Every single dog is different, much like humans.  And like humans; each dog deals with information in their own way.  I spent a good part of yesterday demolishing our family room.  We made a ton of noise ripping off two layers of old paneling, drywall and wood.  Jessie came down early on, had a look around, was confused but found her bed and lay down.  Tilley jumped onto the couch and made herself comfortable.  I was working on ripping apart a support beam down to its raw form which was on the other side of the room.  So although the dogs were out of harms way they were subjected to very loud demolition noise.

Both girls lay sleeping; every once in a while when I would make an exceptionally loud noise they would raise their head for a moment and then go back to sleep.  Luke on the other hand was pacing, he couldn't relax and when I would grunt and groan trying to get the dried old wood off he would run to me panting and wagging.  He is the nervous type; and he worries about everything.  Mostly he was worrying about me and all the commotion together.  He was not afraid of any of it but obviously did not like that I was in the middle of the mess.  I asked him to take a seat, to sit and get comfy in one of the leather chairs.  He did so until I grunted or shouted at the stupid wood that was not coming off.  Up he got and over he came to make sure that all was fine.

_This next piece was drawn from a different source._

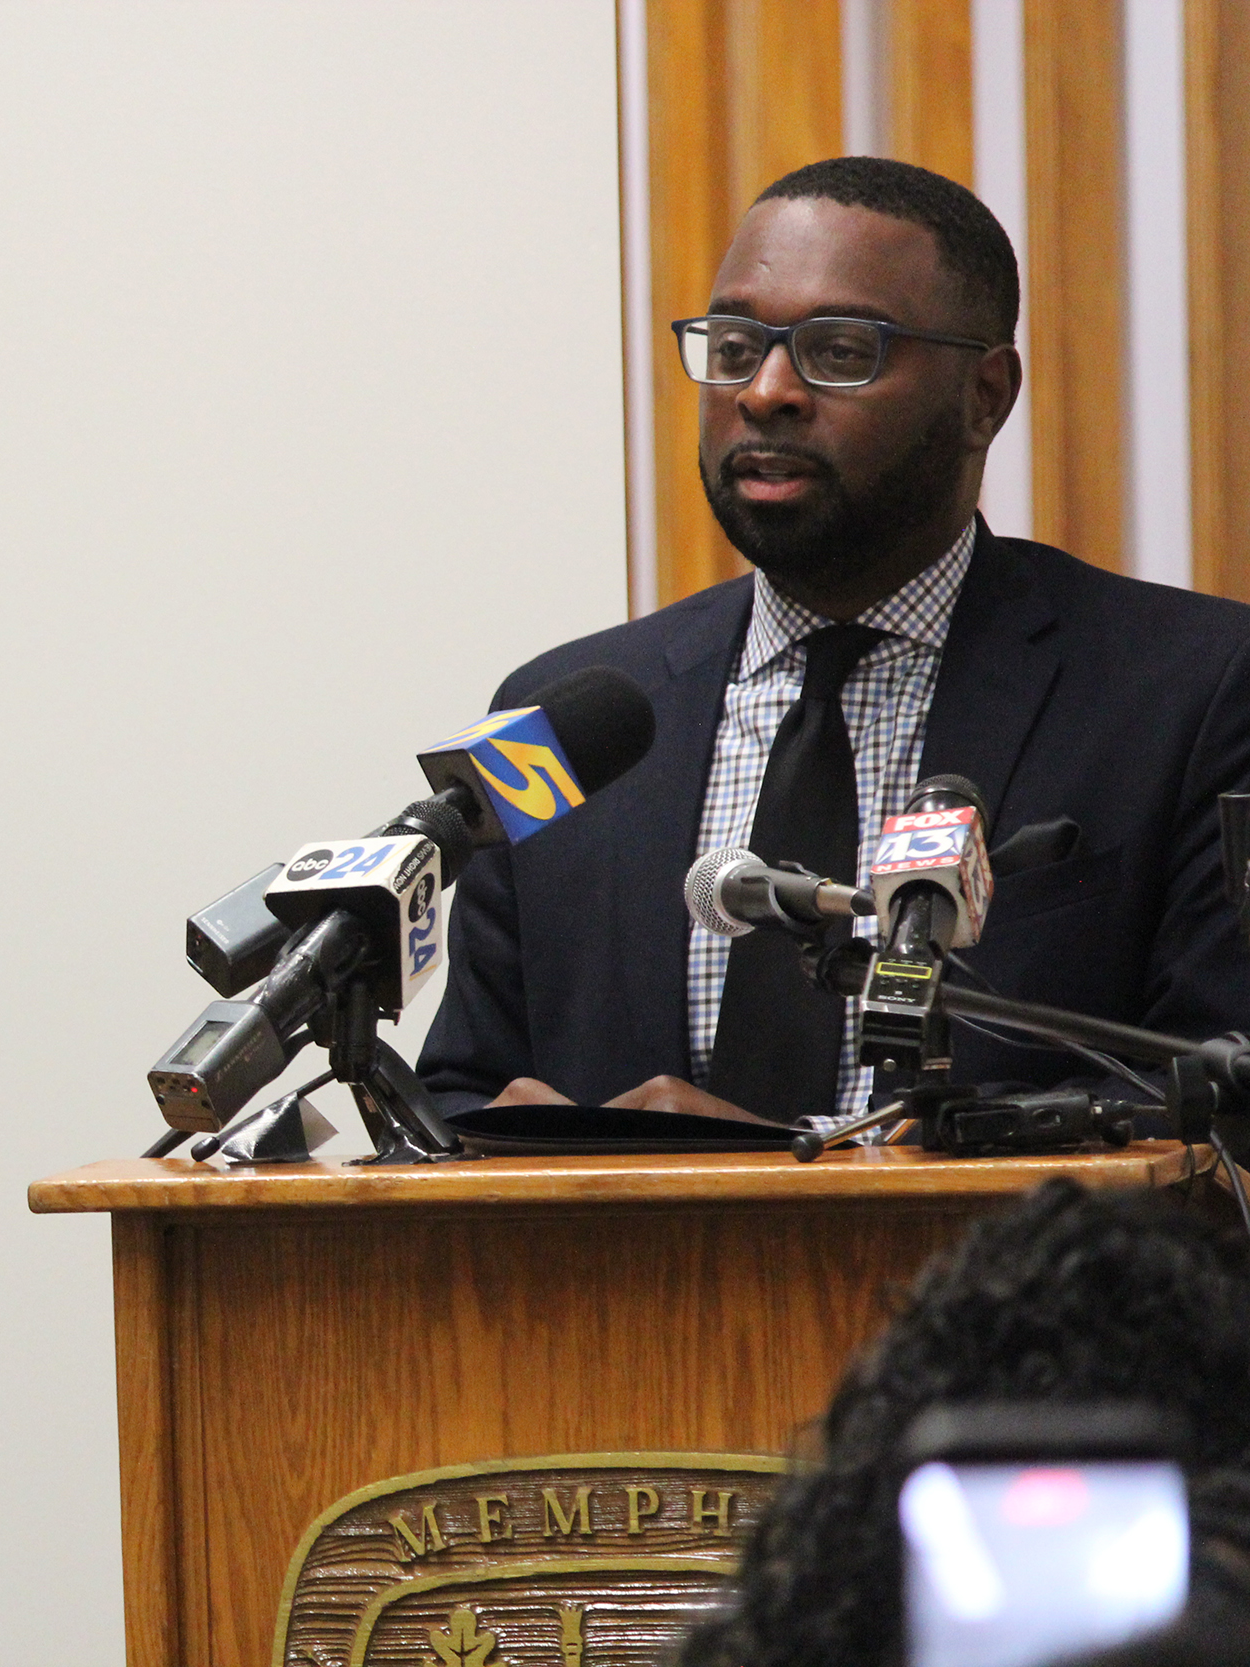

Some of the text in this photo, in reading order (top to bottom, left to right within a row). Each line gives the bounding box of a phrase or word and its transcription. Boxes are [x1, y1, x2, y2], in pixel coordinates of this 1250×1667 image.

He stood vigilant in his duty to watch over me.  If I moved to a spot up high he ran to the top of the stairs so that he could see me better.  Luke is much more aware of his environment, he is very flexible as we slowly change it to an upgraded state but he worries during the process.  Tilley takes notice at changed environment but cares little about it.  She is very adaptable, she always has been and basically goes with the flow.  She has stepped as my protector several times over the years when she felt that she was needed but she does not worry needlessly. 

At this point Jessie can only hear the very loud noises or feel their vibrations so the construction does not bother her.  What will bother her is the change, it is very difficult for dogs with little or no sight to deal with change.  Jessie is also dealing with dementia so for several weeks we will be watching her like a hawk.  Just last night we sat in the living room watching tv.  We've never done this before because the tv is in the family room.  But because of the mess it is moved to the living room until we finish.  Tilley and Luke were fine with it, they lay on the couch and watched a movie with us.  But Jessie sat looking at the tv, obviously confused.  She sat for quite a while just staring at it, you could see that she was extremely baffled.  She then got up and went upstairs to one of the dog beds in our room.  No doubt she felt a sense of normalcy there.

Change is good, I think it's good for dogs and humans.  Without change we and they can get too set in doing and dealing with one way of life.  Inevitably change comes, in some form or shape and if you have never dealt with any sort of change before it can be life altering.  This is why it is so very important to change things around, not hugely but enough to be noted as a change.   Dogs who have never had to deal with it have a very hard time doing so.

Once our demolition got truly underway the dogs were removed from the area.  This in itself gave Luke something to worry about, he could no longer watch over me.  But for their own safety they were put in our room with all the blankets, toys, water etc.  And after an hour or so I joined them, having enough of demolition for one day.